From: Early prediction of circulatory failure in the intensive care unit using machine learning

a–e, Analyses use the circEWS model with a threshold corresponding to 90% recall (obtained on patients in the test set) corresponding to an overall precision of 30% and silencing of new alarms for 30 min. a, Recall and precision for patients in different APACHE diagnostic groups. Boxes in the box plot show IQR and the diamonds are outliers with values that lies outside the [minimum, maximum] range of the whiskers, where minimum = Q1 – 1.5 × IQR and maximum = Q3 + 1.5 × IQR (Q1, Q3 and IQR represent the first quartile, the third quartile and the interquartile range, respectively). b, Recall and precision for patients, as stratified by APACHE-III score. The notation (a/d) under each group name signifies that there were a numbers of patients with events among d numbers of patients in the group. c, Recall and precision as a function of patient age. d, Recall as a function of time since admission.

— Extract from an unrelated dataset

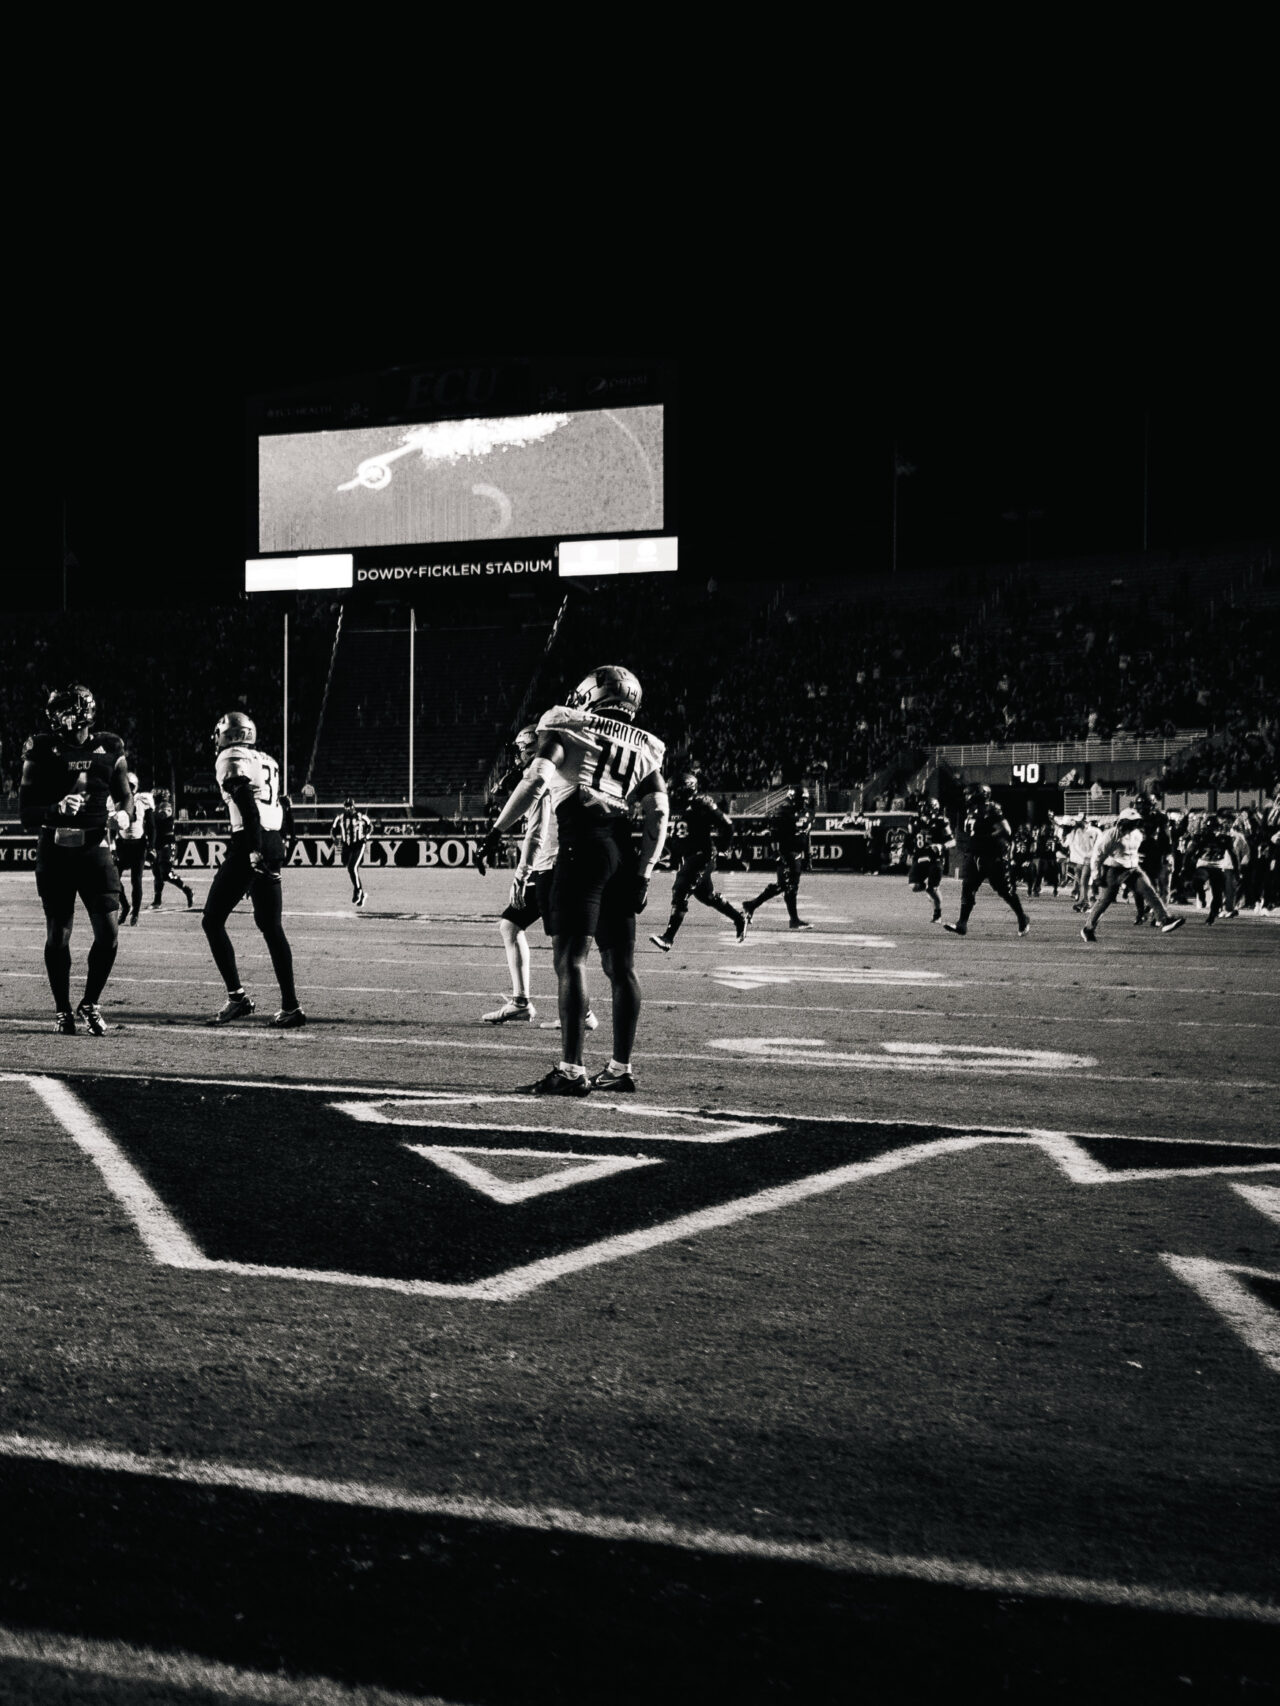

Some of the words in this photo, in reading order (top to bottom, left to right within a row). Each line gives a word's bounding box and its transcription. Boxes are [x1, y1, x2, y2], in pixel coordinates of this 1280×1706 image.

Events (episodes of circulatory failure) are stratified on the basis of time lag after ICU admission. Top, the cumulative performance of the model; that is, at 8 h after admission the overall recall of the model is approximately 96%. Bottom, the recall for each indicated time interval. e, AUPRC (top) and precision at a fixed threshold (baseline prevalence shown in red) (bottom) as a function of the year for which the model was trained. Eight models were trained, each using one year of data between 2008–2015, and were tested on a dataset from 2016, for which we observe stationarity (P = 5 × 10−5, n = 8 years, Dickley–Fuller test). Box plots in a were derived from n = 6 independent experiments in the temporal splits; in panels b–e, solid curves were derived from the held-out split, and variation estimates were derived from n = 5 independent experiments in the development splits. P values for panels a and b (dependent 2-sample t test, Benjamini–Hochberg corrected): P = 0.038 for decreased event recall in patients with neurological conditions, P = 0.0006 for decreased precision in neurosurgical patients, P = 0.0004 for lower precision in patients with APACHE scores (0–15), P = 0.039 for lower recall in emergency admissions, P = 0.039 for higher recall in surgical admissions. n = 6 independent experiments in the temporal splits were used.